Kebakaran Tambora, 14 Rumah & 1 bangunan konveksi Warga Hangus Dilalap Api

Senin, 12 Januari 2026. Pukul 19 : 18 WIB

( Dokumentasi : Kebakaran di Jalan Duri Bangkit, RT 08/RW 09 Jembatan Besi, Tambora, Jakarta Barat, pada Minggu (11/1/2026) pagi menghanguskan 14 rumah tinggal dan satu bangunan konveksi, Foto bersumber dari situs timesindonesia / antara )

Puluhan Warga Kehilangan Tempat Tinggal, Pemerintah Bergerak Berikan Bantuan

Musibah kebakaran kembali terjadi di kawasan padat penduduk. Pada Minggu dini hari, 11 Januari 2026, kebakaran hebat melanda permukiman warga di Kelurahan Jembatan Besi, Kecamatan Tambora, Jakarta Barat. Api dengan cepat membesar dan menghanguskan deretan rumah warga saat sebagian besar penghuni masih beristirahat.

Kebakaran dilaporkan mulai sekitar pukul 04.20 WIB. Kondisi lingkungan yang padat dan jarak antarrumah yang rapat membuat api mudah merambat ke bangunan lain.
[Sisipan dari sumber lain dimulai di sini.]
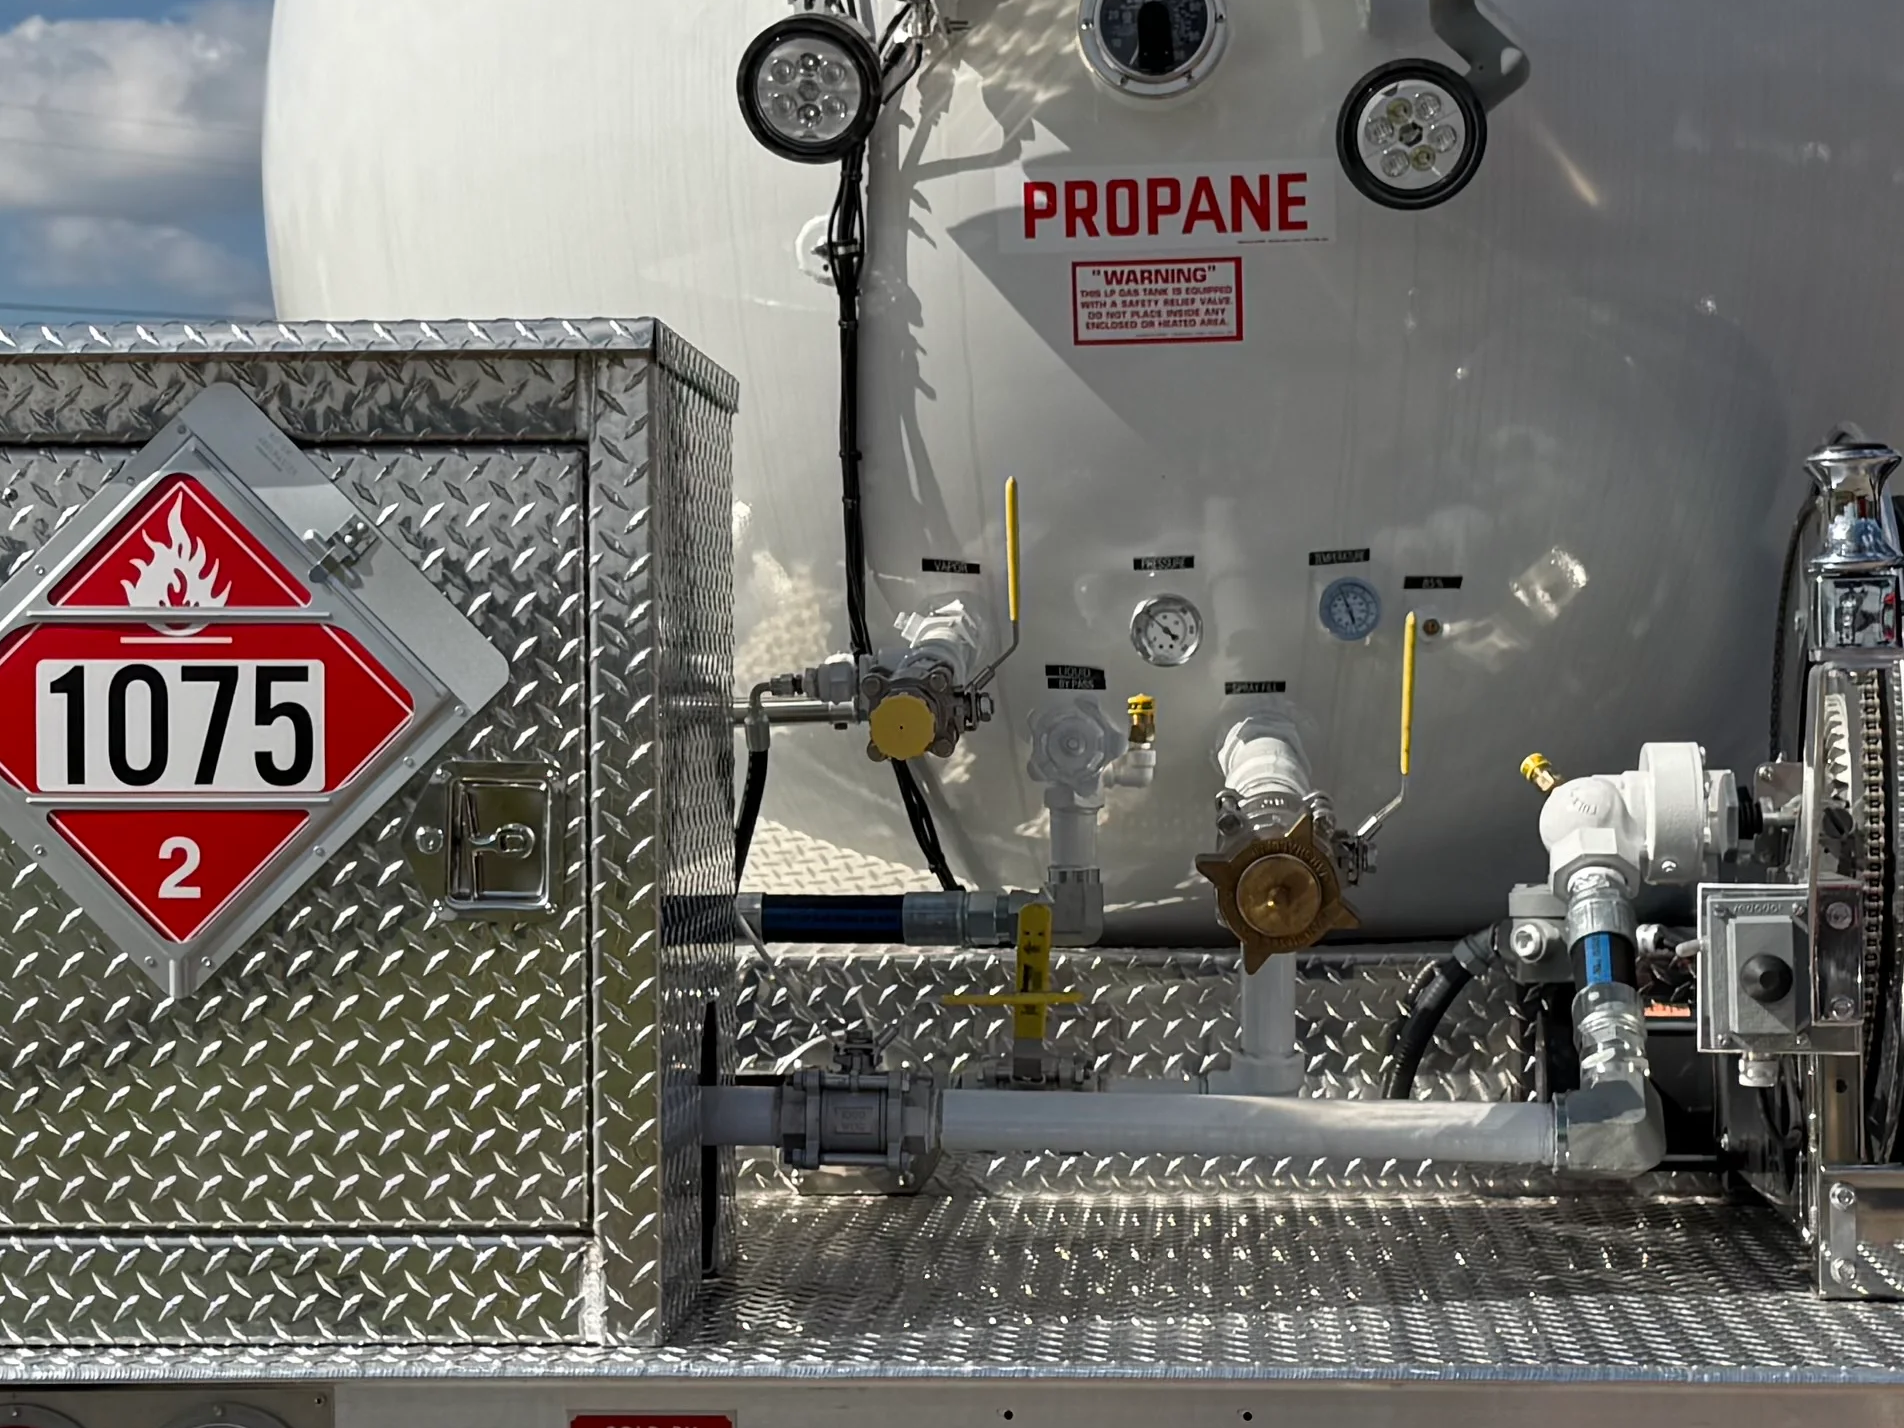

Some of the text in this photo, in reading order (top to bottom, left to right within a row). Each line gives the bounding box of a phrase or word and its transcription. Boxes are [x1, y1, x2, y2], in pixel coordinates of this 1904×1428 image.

[1024, 172, 1308, 239] PROPANE
[1080, 286, 1233, 298] THIS LP GAS TANK IS EQUIPPED
[1080, 296, 1233, 310] WITH A SAFETY RELIEF VALVE.
[1088, 307, 1226, 320] DO NOT PLACE INSIDE ANY
[1086, 318, 1228, 330] ENCLOSED OR HEATED AREA.
[934, 560, 968, 573] VAPOR
[1141, 557, 1185, 570] PRESSURE
[1058, 666, 1091, 676] LIQUID
[1072, 679, 1094, 689] PASS
[49, 663, 314, 786] 1075
[158, 836, 201, 899] 2
Warga sempat berupaya menyelamatkan diri dan barang berharga sebelum api meluas.

( Dokumentasi : Petugas pemadam kebakaran berupaya memadamkan api yang melahap permukiman padat di Tambora, Jakarta Barat, Minggu pagi, Foto bersumber dari situs pikiran rakyat )
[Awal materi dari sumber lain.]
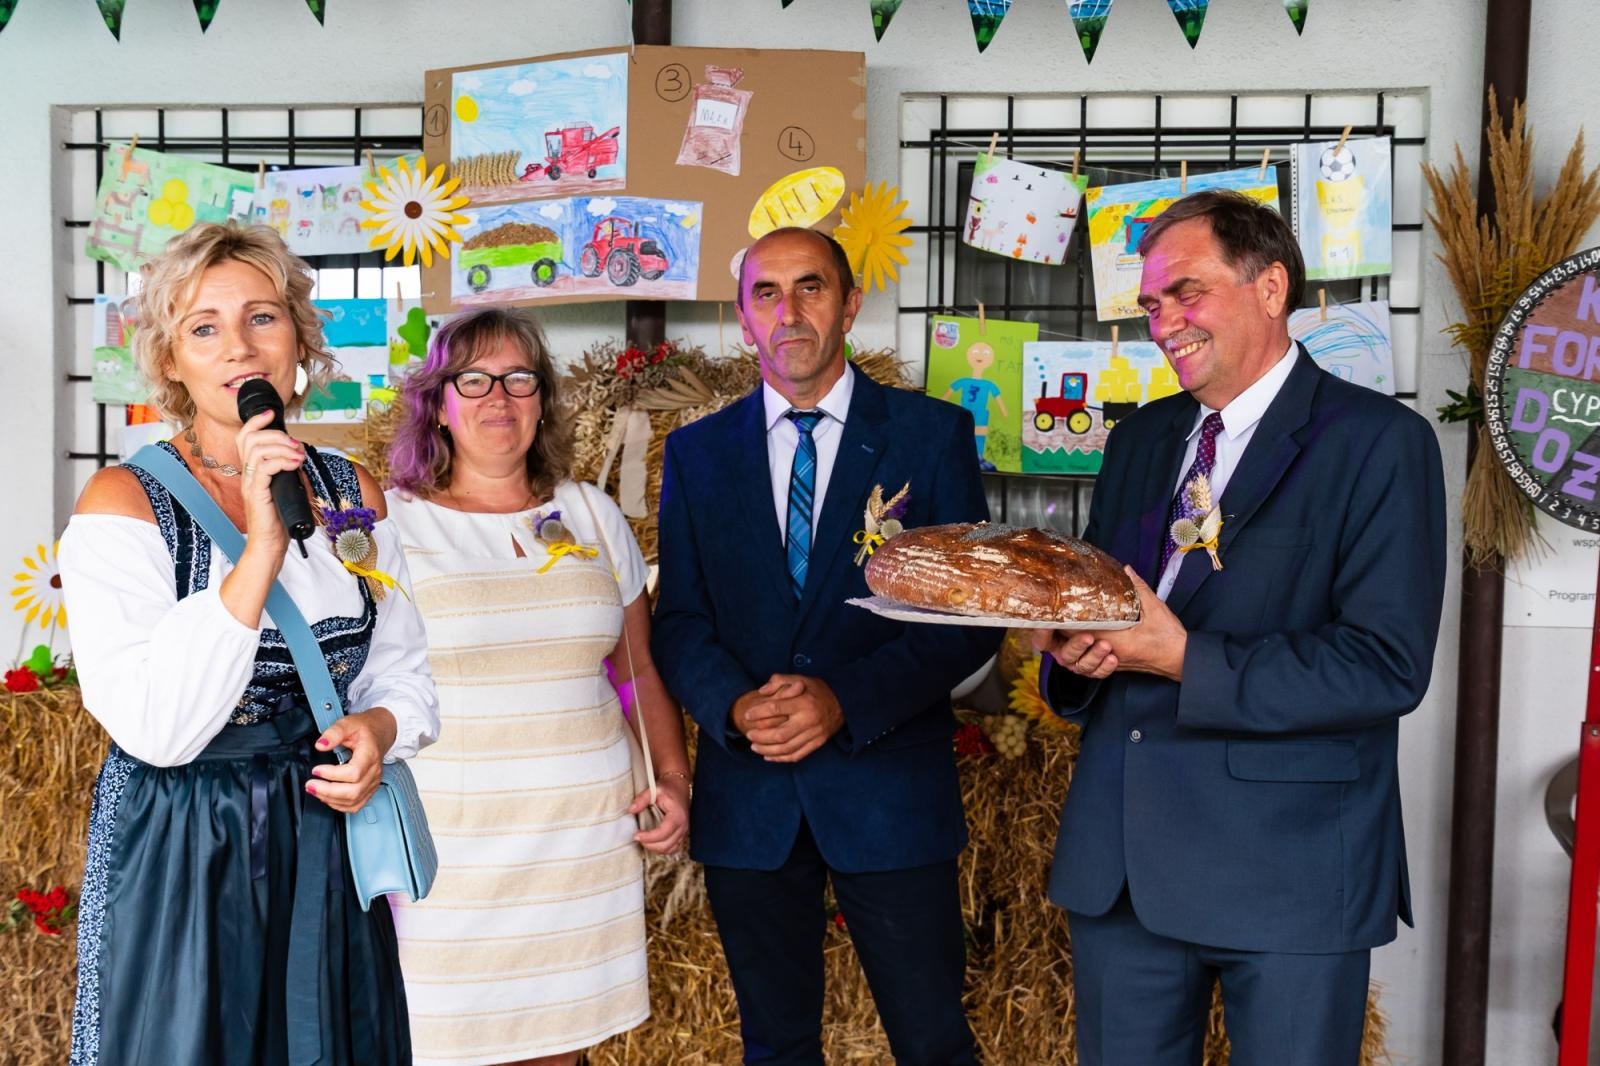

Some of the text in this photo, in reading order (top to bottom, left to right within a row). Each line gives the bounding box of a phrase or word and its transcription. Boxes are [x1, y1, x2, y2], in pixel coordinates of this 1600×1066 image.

Berdasarkan data sementara, sebanyak 14 rumah tinggal dan satu bangunan usaha konveksi dilaporkan hangus terbakar. Akibat kejadian ini, puluhan warga dari belasan kepala keluarga terpaksa kehilangan tempat tinggal dan harus mengungsi ke lokasi yang lebih aman.

Petugas pemadam kebakaran mengerahkan lebih dari 20 unit mobil damkar dengan ratusan personel untuk menjinakkan api. Proses pemadaman berlangsung selama beberapa jam hingga api berhasil dikendalikan sepenuhnya pada pagi hari. Tidak ada korban jiwa dalam peristiwa ini, namun kerugian materi ditaksir mencapai miliaran rupiah.
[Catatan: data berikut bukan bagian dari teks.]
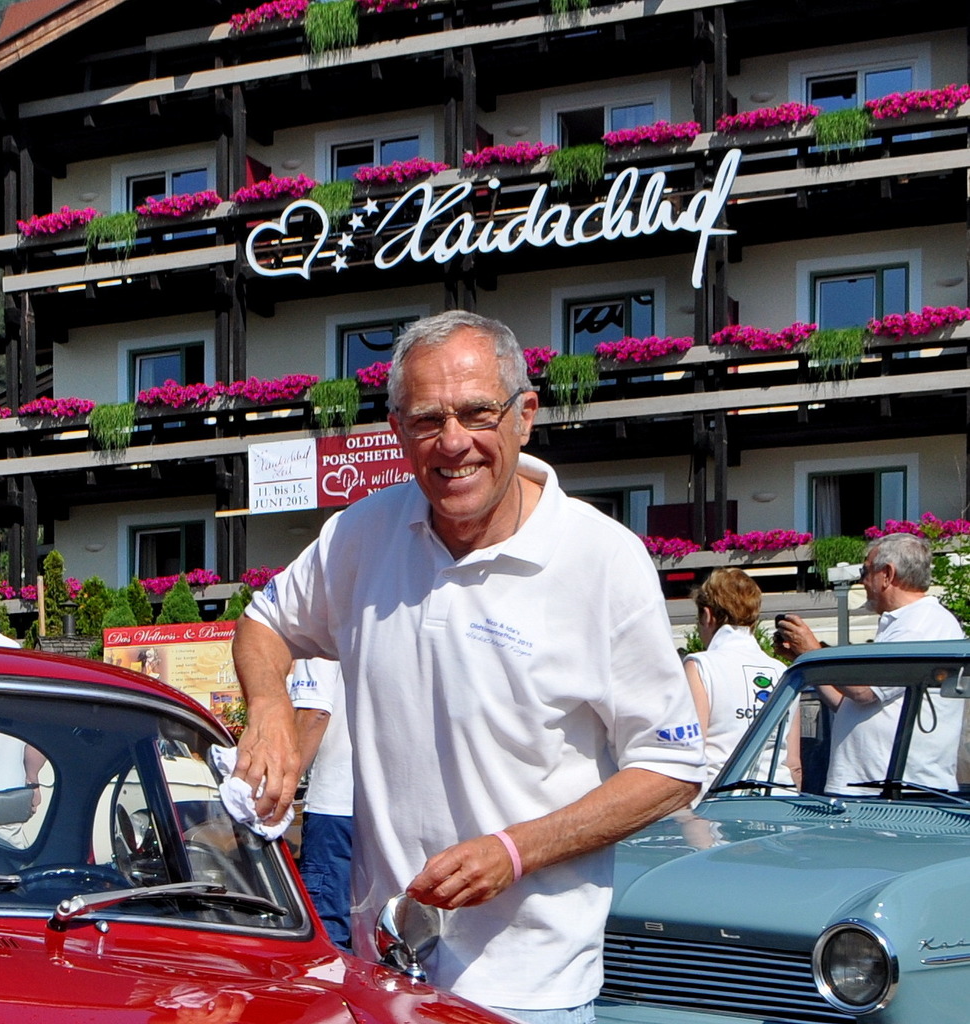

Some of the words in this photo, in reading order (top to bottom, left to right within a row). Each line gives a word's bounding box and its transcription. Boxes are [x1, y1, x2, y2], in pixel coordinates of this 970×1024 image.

[374, 148, 743, 289] Haidachhof
[346, 433, 399, 449] OLDTIM
[258, 487, 271, 497] 11.
[274, 485, 289, 495] bis
[292, 483, 306, 494] 15.
[254, 497, 282, 509] JUNI
[286, 495, 309, 507] 2015
[107, 631, 132, 645] Das
[183, 628, 196, 640] &
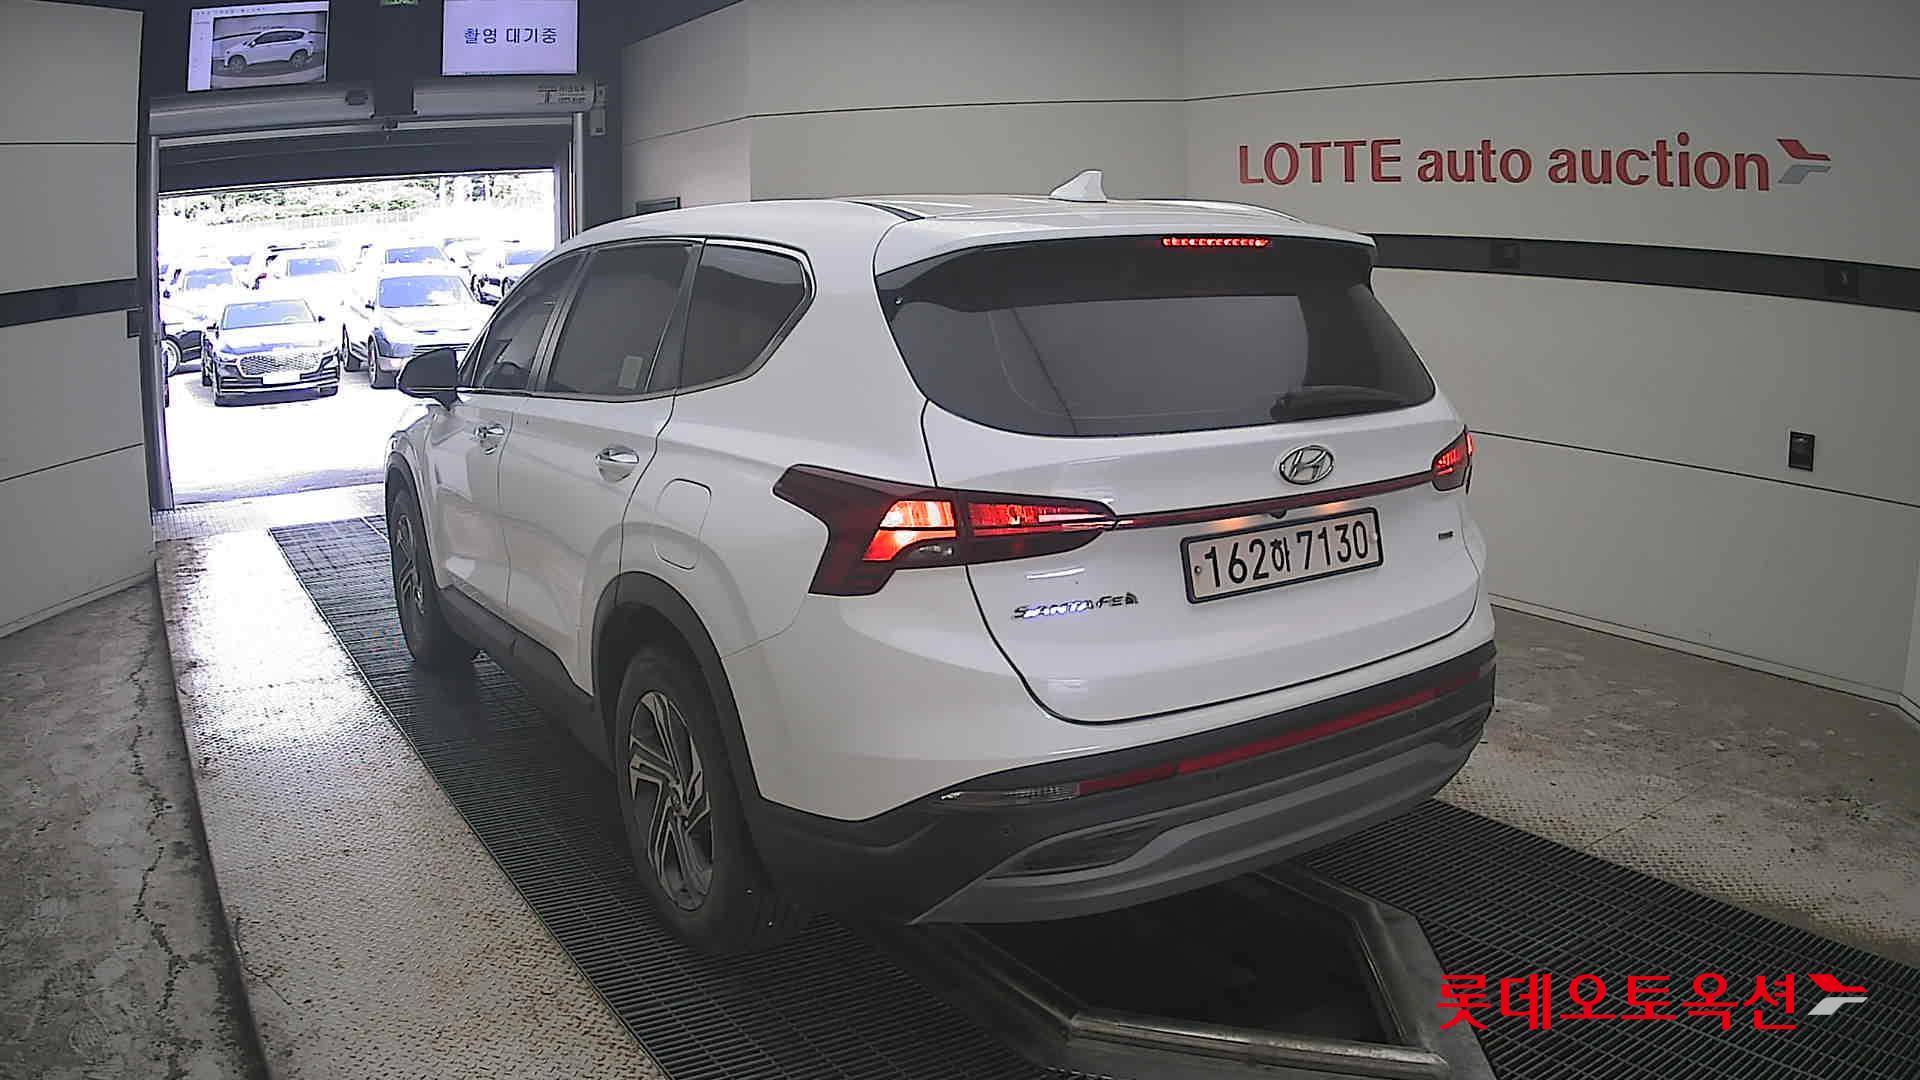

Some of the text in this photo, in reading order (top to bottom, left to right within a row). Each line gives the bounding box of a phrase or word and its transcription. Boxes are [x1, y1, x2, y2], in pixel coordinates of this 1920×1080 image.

[464, 28, 558, 45] 촬영 대기중
[1239, 132, 1770, 190] LOTTE auto auction
( Dokumentasi : Kebakaran melanda permukiman padat penduduk di Jalan Jembatan Besi Raya XII RT 08/09, Jembatan Besi, Tambora, Jakbar, Minggu dini hari, Foto bersumber dari situs gemapos )

Pihak berwenang menduga kebakaran dipicu oleh korsleting listrik dari salah satu rumah warga. Aparat terkait masih melakukan pendataan lanjutan untuk memastikan jumlah kerugian dan kebutuhan para korban terdampak.

Pemerintah daerah bersama instansi terkait telah bergerak cepat dengan menyalurkan bantuan darurat, termasuk kebutuhan logistik dan tempat penampungan sementara bagi warga yang kehilangan rumah. Langkah ini dilakukan untuk memastikan para korban tetap mendapatkan perlindungan dan bantuan yang layak pascakejadian.

Yayasan Amal Peduli Nusantara menyampaikan rasa prihatin yang mendalam atas musibah yang menimpa masyarakat Tambora. Kami turut mendoakan agar seluruh warga diberikan ketabahan, kekuatan, dan kemudahan dalam menghadapi masa pemulihan ini. Semoga bantuan yang disalurkan dapat meringankan beban para korban, serta kejadian serupa tidak terulang di kemudian hari.